Hamburg-Test: Warum genau diese Stadt für so einen E-Scooter aufschlussreich ist
Hamburg ist für E-Scooter-Tests tatsächlich ein ganz gutes Pflaster. Nicht, weil es dort extrem schwierig wäre, sondern weil man eine gute Mischung bekommt. Glatter Asphalt, rauere Abschnitte, urbaner Verkehr, Wind, wechselnde Oberflächen, Bordsteinkanten, breite Wege, engere Passagen – all das zeigt relativ schnell, wie ernst ein Roller seinen Alltagsanspruch meint.
Der Egret Unit hat auf mich dabei insgesamt stimmig gewirkt. Gerade das gute Ansprechverhalten, die Ergonomie und der Komfortcharakter haben mir gefallen. Dazu kommt der praktische Nutzen durch den Gepäckträger. Und genau das ist der Punkt, an dem der Roller für mich interessant wird: Er versucht nicht, mit einer einzigen Sensationszahl alles zu verkaufen, sondern mit einem Paket.
Kritik und Einordnung: Wo man trotzdem genau hinschauen sollte
So positiv mein Eindruck insgesamt ist, sollte man trotzdem nicht so tun, als gäbe es keine offenen Punkte. Die erste Frage bleibt immer die Langzeiterfahrung. Ein guter erster Fahreindruck ist wichtig, aber noch keine Garantie dafür, wie sich ein Modell nach 500 oder 1.500 Kilometern schlägt.
Auch das Gewicht ist, wie gesagt, nicht für jeden ideal. Wer oft tragen muss, sollte das unbedingt bedenken. Und bei Reichweiten sollte man trotz großer Akkuzahl realistisch bleiben. 100 km klingen natürlich stark, sind aber klar an optimale Testbedingungen gekoppelt.

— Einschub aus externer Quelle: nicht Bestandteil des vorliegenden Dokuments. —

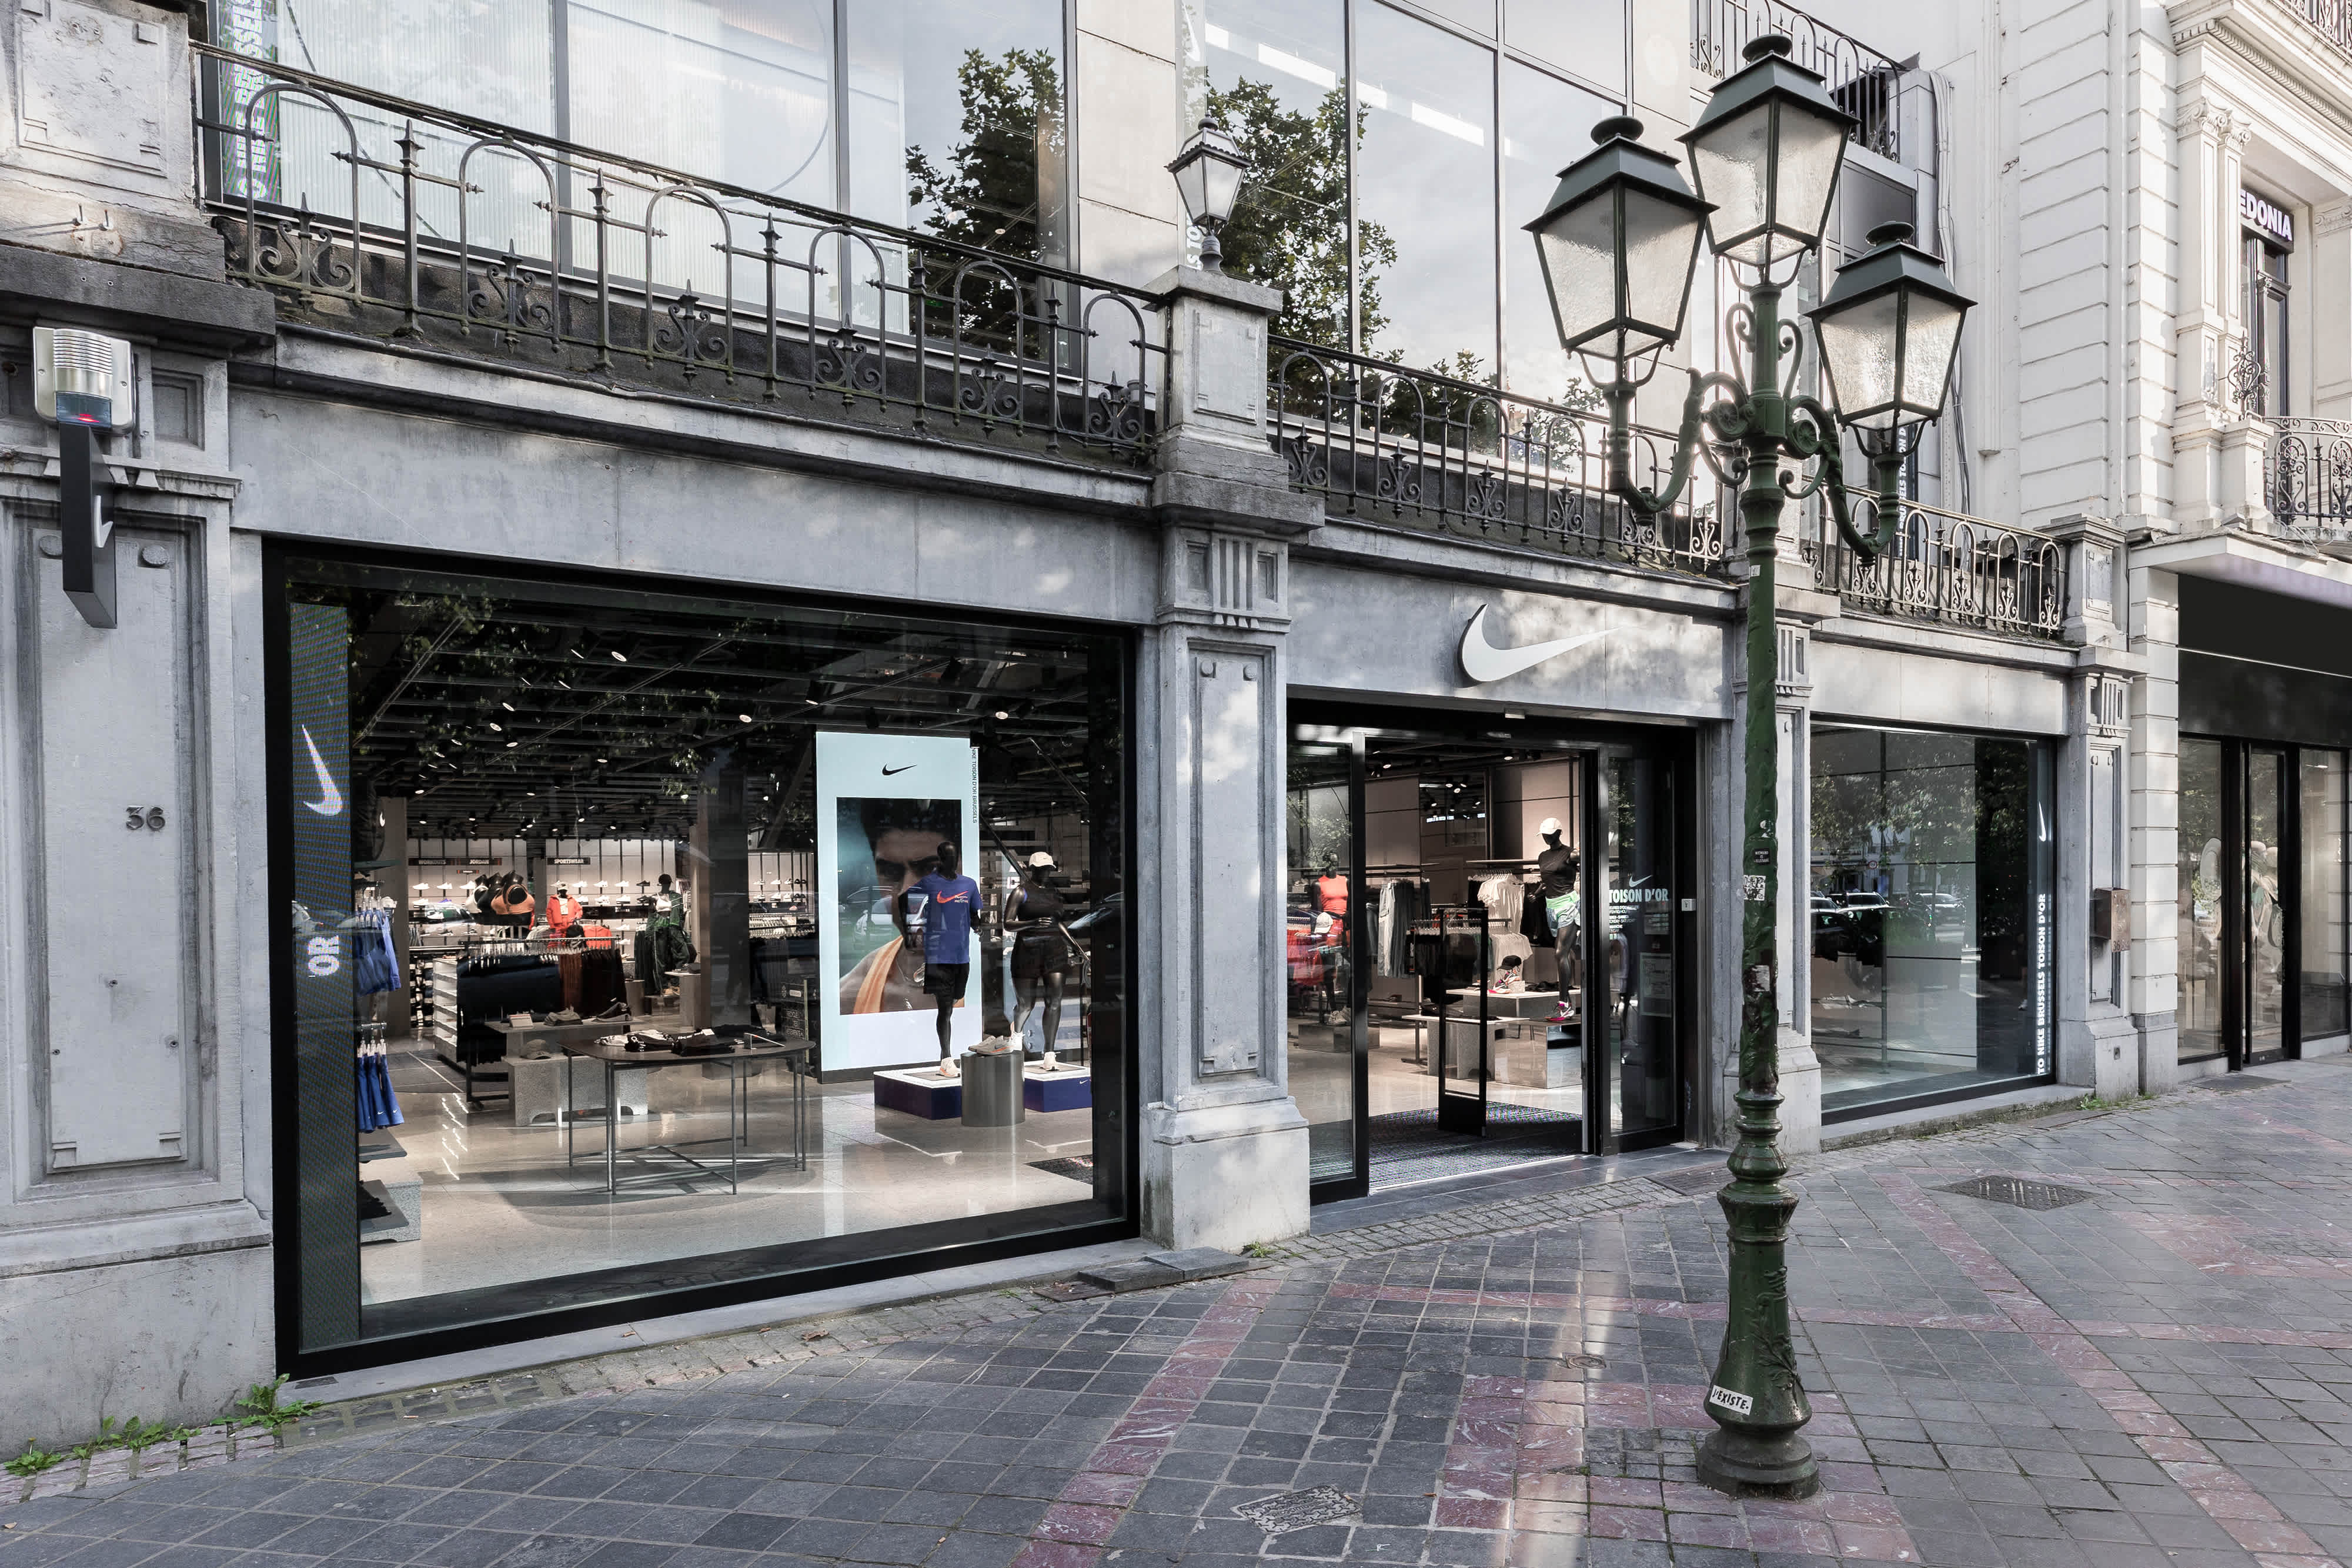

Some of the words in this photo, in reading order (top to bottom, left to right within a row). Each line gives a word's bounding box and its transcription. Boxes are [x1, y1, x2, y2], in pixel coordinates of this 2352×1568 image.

[126, 805, 165, 831] 36
[1609, 888, 1642, 904] TOISON
[1645, 888, 1669, 902] D'OR
[2038, 893, 2046, 924] D'OR
[2037, 927, 2046, 969] TOISON
[2037, 971, 2046, 1026] BRUSSELS
[2037, 1058, 2045, 1075] TO

Dazu kommt: Trommelbremsen sind sinnvoll, aber eben nicht für jeden emotional die attraktivste Lösung. Manche werden hier lieber auf sportlichere Systeme schauen. Das ist legitim. Ich würde den Unit aber eher als komfort- und alltagsorientierten E-Scooter lesen als als Performance-Spielzeug.
Mein Fazit zum Egret Unit: Einer der spannendsten Alltags-E-Scooter in diesem Preisbereich
Nach meiner Fahrt durch Hamburg ist mein Eindruck ziemlich klar: Der Egret Unit ist kein Blender. Er ist ein sinnvoll gedachter Alltags-E-Scooter mit starkem Motorcharakter, guter Ergonomie, spürbarem Komfort und cleveren Details wie dem serienmäßigen Center Rack Gepäckträger.
Mir gefallen besonders das gute Ansprechverhalten, die passende Lenkerergonomie, die Handballenauflagen, die breite Lenkereinheit, die Blinker vorne und hinten sowie die grundsätzliche Ruhe, mit der der Roller auftritt. Dazu kommen 730 Wh Akku, bis zu 130 kg Zuladung, breite Reifen und Doppelfederung – das ist für einen auf Alltag getrimmten E-Scooter einfach ein starkes Paket.
Der Egret Unit ist aus meiner Sicht vor allem dann spannend, wenn du einen legalen E-Scooter suchst, der nicht nur hübsch aussieht, sondern auch im Alltag mehr kann als Standardkost. Wer maximale Portabilität sucht, sollte auf das Gewicht schauen. Wer dagegen Komfort, Stabilität, Reichweite und Nutzwert priorisiert, sollte sich den Unit definitiv ansehen.